The candidates fell back on their well-worn sound bites (yes Donald, we got it -- "only legal immigration"). But Ben Carson had one of the more bizarre statements of the night when, in promoting his 10 percent flat tax, he claimed it would bring in plenty of revenue because we would tax the "$18 trillion GDP" of the US economy which would equal $1.8 trillion in taxes. Earth to Ben: you tax INCOME, not gross domestic product. Mr. and Mrs. GDP don't earn a penny of income, because they are not people. But average Americans earn plenty of income, and that's who you tax.

In watching the debate, I kept thinking to myself, "These are the job applicants for the position of CEO of the World." Yet there was more carnival barking on the stage than insights or observations about the economy or economic policy. Indeed, their performances were distinguished more by what they avoided talking about than what they actually managed to toss into the air for their part in this skeet shooting contest.

Noticeably missing from their discussion was American workers, and what's happening to jobs and the labor force. In the face of a weak economy, many workers are having to work as contractors, freelancers, temps and part-timers, and as gig-preneurs and Uber -bots, with low pay, no safety net and no job security. The only question of the night contemplating this major labor market shift was offered up to Carli Fiorina, who was asked if the federal government should play a role in assisting "small businesses, and the growing ranks of Uber drivers and other part-timers in the freelance economy," to set up retirement plans for these workers. Fiorina responded by...ignoring the question, and using it as a moment to launch a diatribe against federal government regulation.

I would like to introduce Fiorina and the other GOP candidates to Chris Young, an assembly-line worker at Nissan's manufacturing plant in Smyrna, Tennessee. Chris works alongside dozens of other employees, but Chris doesn't get to wear the coveted Nissan jersey that many of his fellow workers wear--because he doesn't work for Nissan. Instead, he is what is known as a "perma-temp." He works for Yates Services, a private contractor who now provides a majority of Nissan's workers. Chris says, "I build the same Infiniti SUV" as the Nissan workers, but he and other Yates employees receive half the salary, less job security and way fewer safety net benefits.

Nationwide, temps like Chris Young have provided nearly a fifth of the total job growth since the recession ended, according to federal data. And increasingly the temps aren't very temporary. Some workers originally hired as "temps" have been employed at the same company for as long as 11 years without receiving a full-time position -- hence the new term "perma-temp."

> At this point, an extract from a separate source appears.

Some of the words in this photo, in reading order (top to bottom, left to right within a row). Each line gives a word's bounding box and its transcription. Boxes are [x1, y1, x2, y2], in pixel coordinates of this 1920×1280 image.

Or how about Frederic Larson, who enjoyed a successful thirty-year career as a staff photographer with the San Francisco Chronicle, during which time he won numerous awards, including being a Pulitzer Prize finalist. He got downsized during the recession, and so needing income he monetized -- he turned his house into an Airbnb hotel and his spiffy Prius into a Lyft taxi. Now for 12 nights per month -- 40 percent of his life -- he shutters himself in a rabbit hole inside his own home while complete strangers have the run of the place. This award-winning professional photographer has been turned into an innkeeper in his own home, and a taxi driver in his own car.

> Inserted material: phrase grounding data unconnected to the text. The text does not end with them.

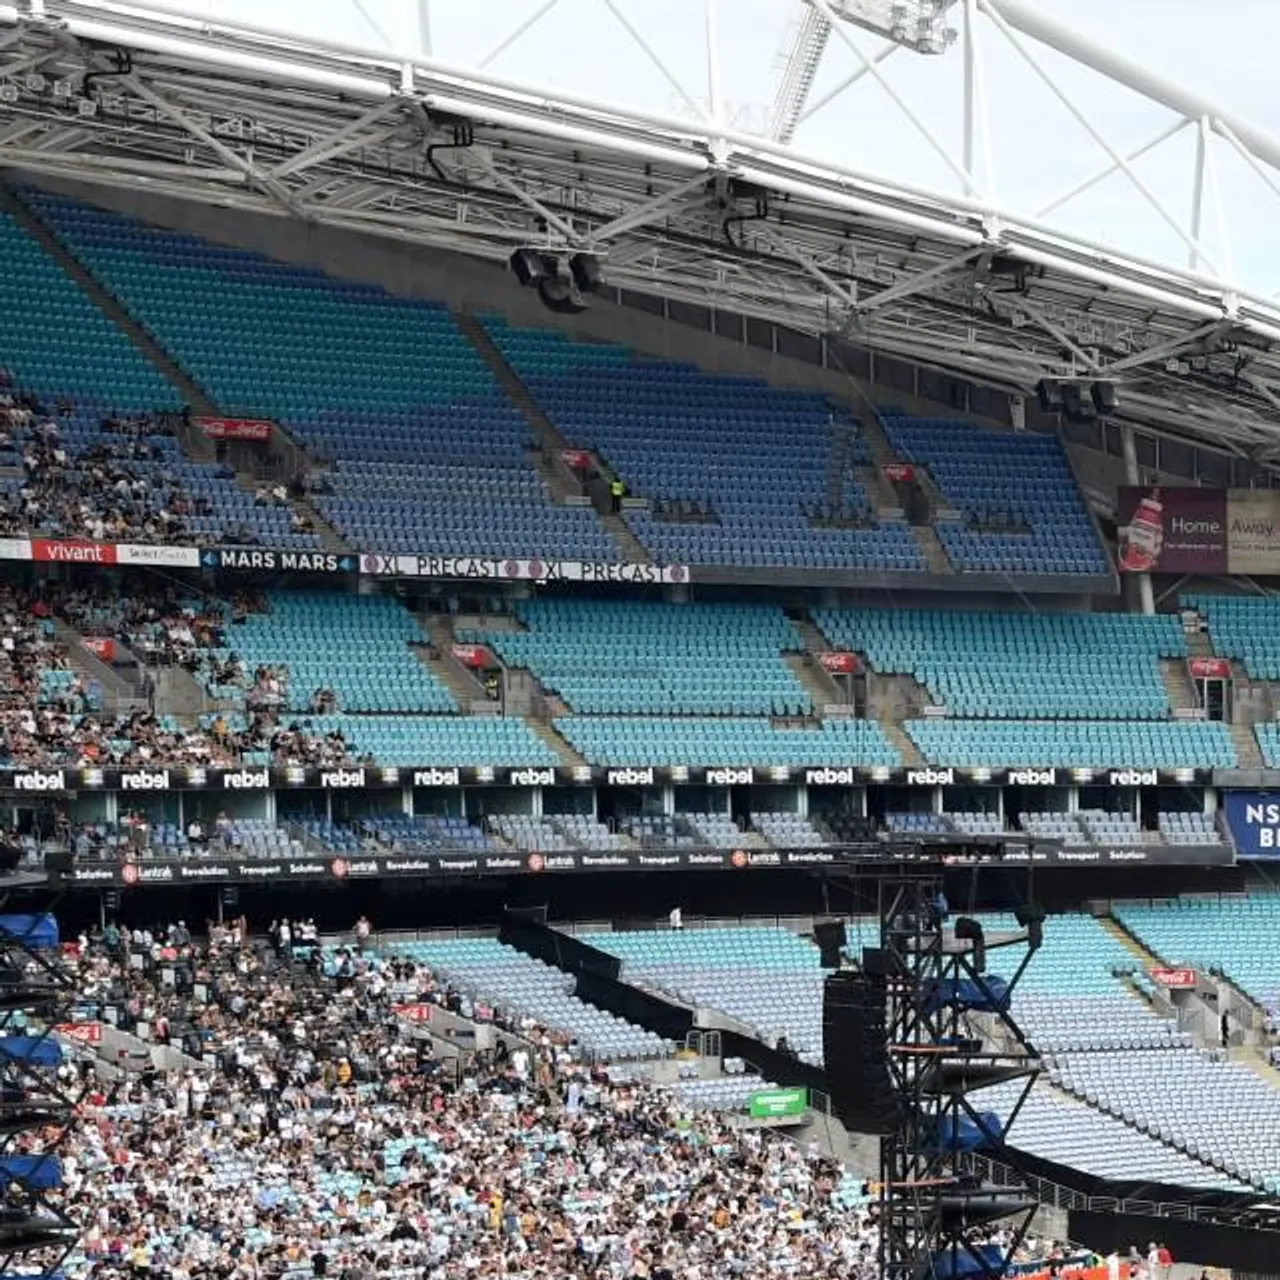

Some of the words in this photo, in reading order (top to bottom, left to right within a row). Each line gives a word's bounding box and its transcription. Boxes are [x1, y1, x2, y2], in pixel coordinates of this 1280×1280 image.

[221, 551, 275, 568] MARS
[282, 553, 337, 571] MARS
[382, 556, 405, 574] XL
[417, 556, 500, 576] PRECAST
[581, 561, 666, 582] PRECAST
[14, 770, 65, 789] rebel
[122, 770, 169, 789] rebel
[224, 769, 269, 788] rebel
[322, 769, 365, 787] rebel
[414, 768, 459, 785] rebel
[511, 768, 554, 785] rebel
[608, 768, 653, 785] rebel
[706, 768, 753, 785] rebel
[806, 767, 853, 785] rebel
[907, 767, 953, 785] rebel
[1009, 767, 1055, 785] rebel
[1110, 767, 1157, 785] rebel

And there's Leena Chitnis, another scrappy "gig-preneur" and a Fulbright scholar who completed her MBA at Syracuse University. To keep herself afloat while she looked for a permanent job, she set up a bunch of micro-gigs on Fiverr. Fiverr is part of the "sharing economy," an online job brokerage that connects buyers to sellers of numerous tasks and services, which pay as little as $5 per job (hence, its name). After fulfilling a total of 27 orders, she found that she had made a grand total of $176. "I've seen panhandlers get more money outside of the 7-11," she said.

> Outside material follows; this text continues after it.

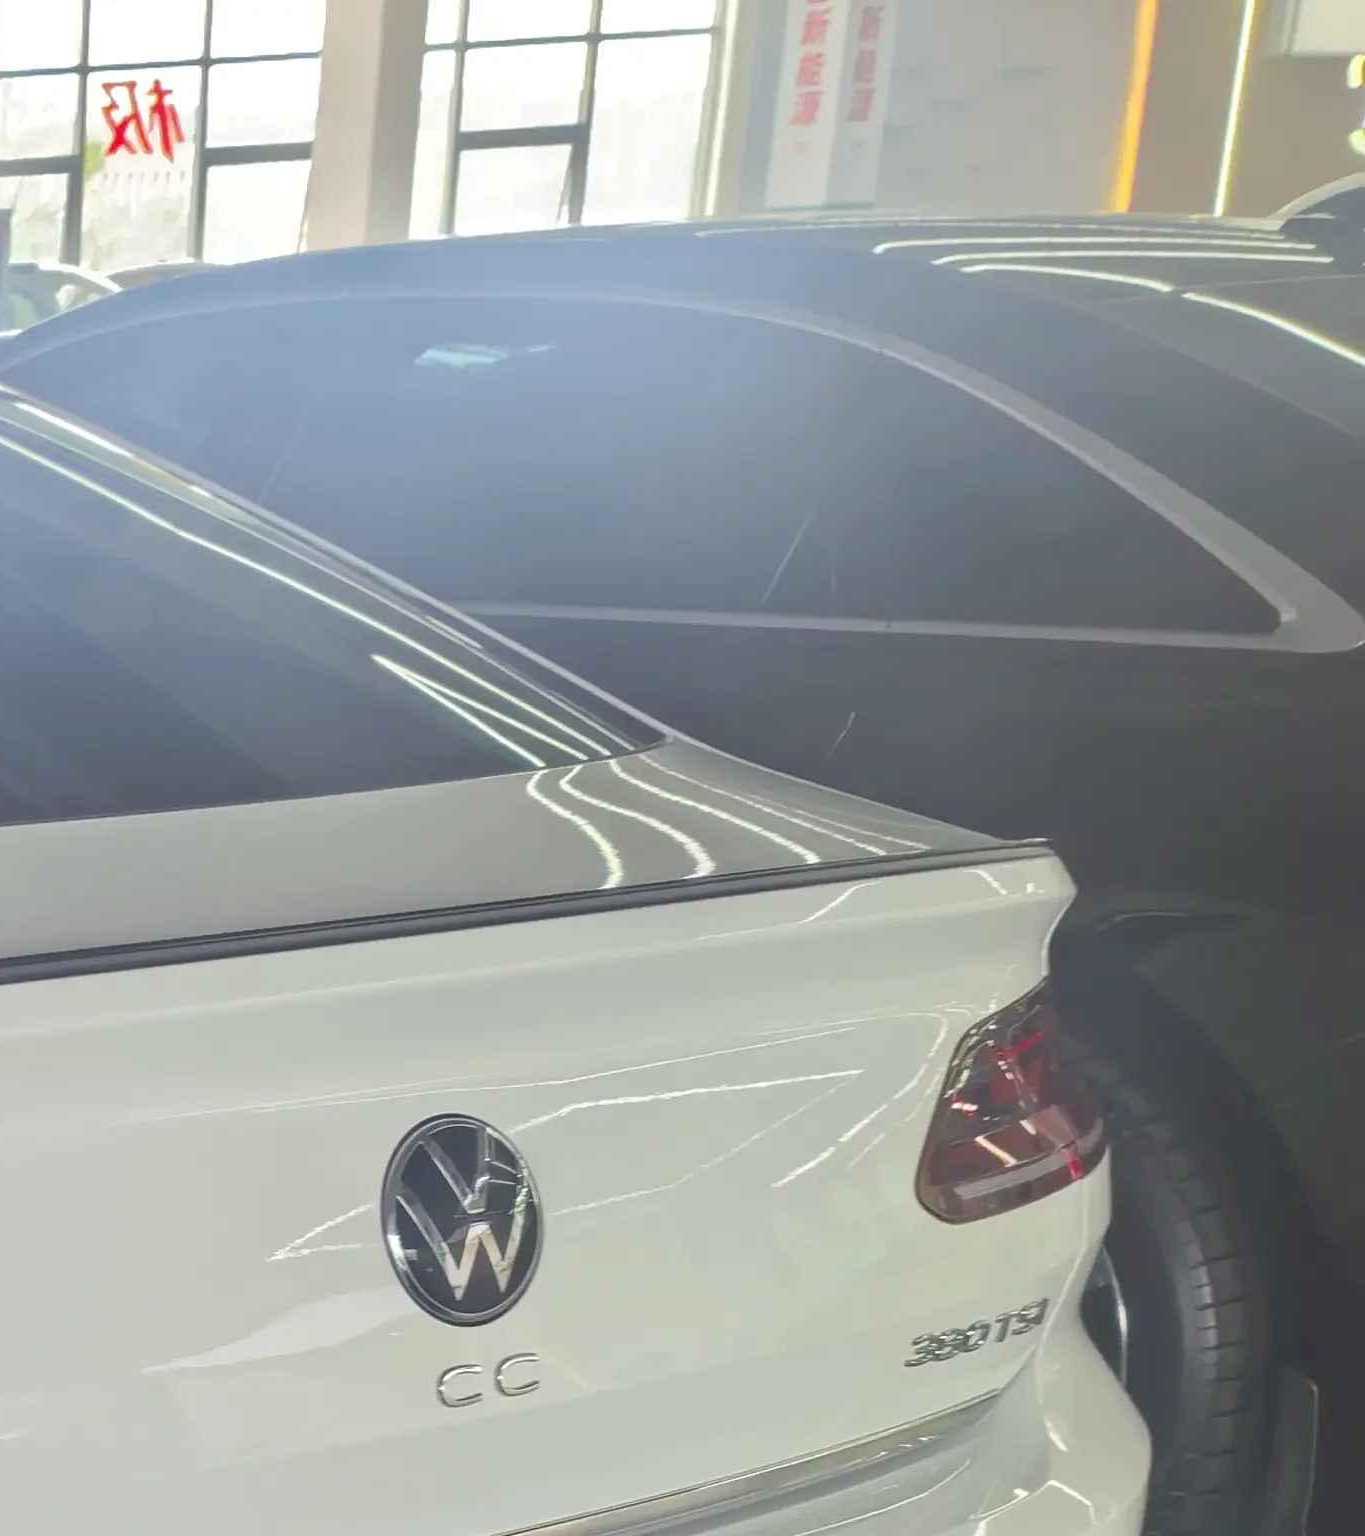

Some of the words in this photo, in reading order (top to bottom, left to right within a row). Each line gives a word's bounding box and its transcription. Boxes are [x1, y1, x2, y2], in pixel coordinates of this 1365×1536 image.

[789, 0, 831, 126] 新能源
[436, 1352, 540, 1408] CC

The advantage for any business to use 1099 wage-earners over regularly-employed (W-2) workers is obvious: an employer can lower its labor costs dramatically -- by 30 percent or more -- since it is no longer responsible for paying for a 1099 worker's safety net. Corporate America is increasingly relying on these types of workers as a core part of its business model to cut costs and maximize profits. As one new economy booster put it, "Companies need a workforce they can switch on and off as needed" -- like a faucet or a TV.

Things have gotten so topsy-turvy that even the most talented workers are not immune from this trend. Tina Brown, the flamboyant media mogul and former editor of Vanity Fair, the New Yorker and Daily Beast, has noticed with disbelief the impact on her own associates and friends.

"Now that everyone has a project-to-project freelance career, everyone is a hustler," she says. "No one I know has a job anymore. They've got gigs," which she described as a "penny-ante slog of working three times as hard for the same amount of money (if you're lucky) or a lot less (if you're not). Minus benefits, of course." For a while, she added, "the downsized people I know went around pretending they enjoyed the 'freedom' and 'variety' of doing 'a whole lot of interesting things.' Twelve months later, nobody bothers with that cover story anymore."

For all those Americans who lost their good "New Deal" jobs and have entered the disordered world of "Uber-ized" work, many of them now exist in a whole new universe. They don't get paid for the many hours it can take to search for the next job, and attending meetings or gabbing around the water cooler with co-workers while "on the clock" is history. It's all piecework today, practically dialing back the labor clock to the 19th century. It's as if Tom Brady only gets paid for those moments when he throws a touchdown pass, and everything else is on his time and dime.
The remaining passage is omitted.